### Material shown
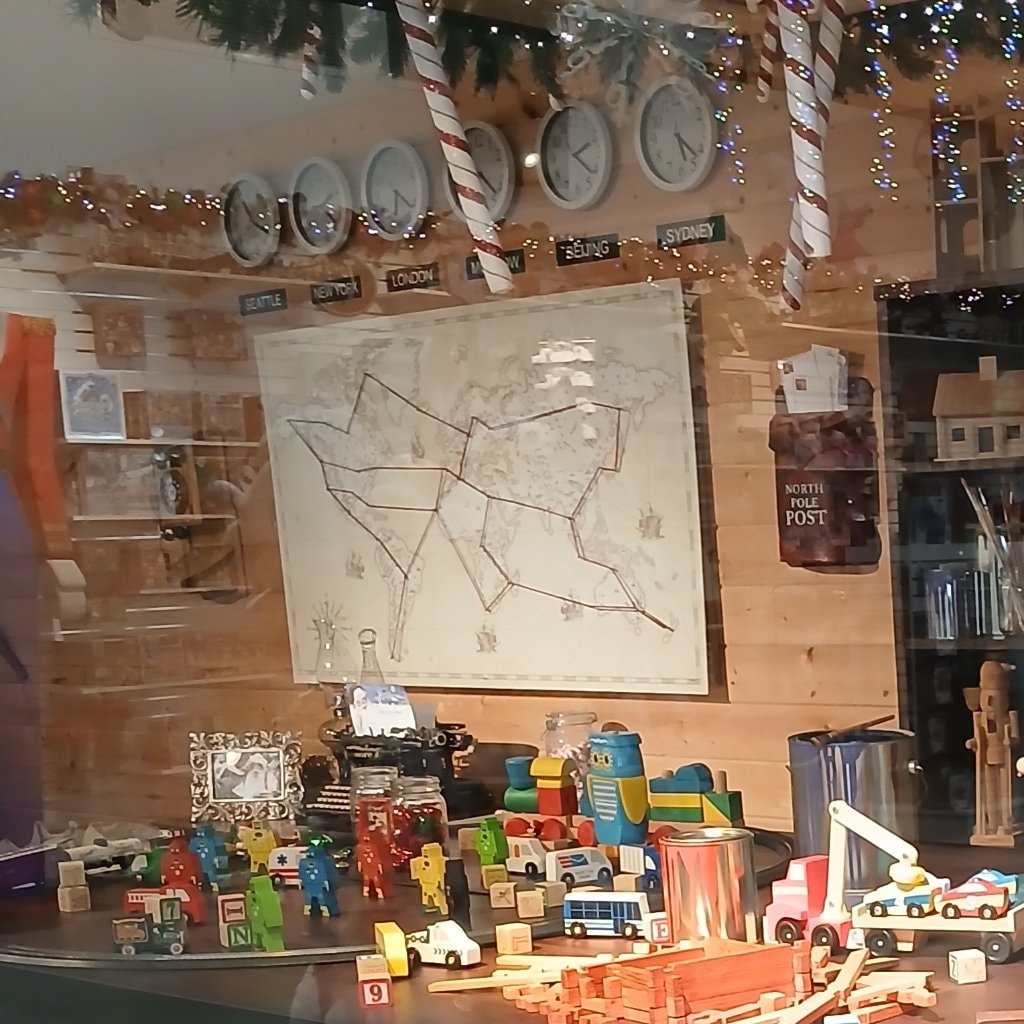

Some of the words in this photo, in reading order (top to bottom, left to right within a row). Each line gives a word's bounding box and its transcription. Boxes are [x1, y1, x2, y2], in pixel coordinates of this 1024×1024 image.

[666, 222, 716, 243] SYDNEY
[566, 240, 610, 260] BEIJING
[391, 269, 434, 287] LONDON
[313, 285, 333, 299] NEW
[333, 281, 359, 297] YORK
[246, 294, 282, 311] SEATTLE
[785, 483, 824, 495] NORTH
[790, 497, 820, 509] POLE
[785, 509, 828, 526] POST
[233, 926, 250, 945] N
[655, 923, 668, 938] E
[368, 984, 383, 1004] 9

### Problem requirements
Reproduce all the entries that precede this task, word for word, minus any pictures.

### Written answer
Some of the words in this photo, in reading order (top to bottom, left to right within a row). Each line gives a word's bounding box and its transcription. Boxes are [x1, y1, x2, y2], in pixel coordinates of this 1024×1024 image.

[666, 222, 716, 243] SYDNEY
[566, 240, 610, 260] BEIJING
[391, 269, 434, 287] LONDON
[313, 285, 333, 299] NEW
[333, 281, 359, 297] YORK
[246, 294, 282, 311] SEATTLE
[785, 483, 824, 495] NORTH
[790, 497, 820, 509] POLE
[785, 509, 828, 526] POST
[233, 926, 250, 945] N
[655, 923, 668, 938] E
[368, 984, 383, 1004] 9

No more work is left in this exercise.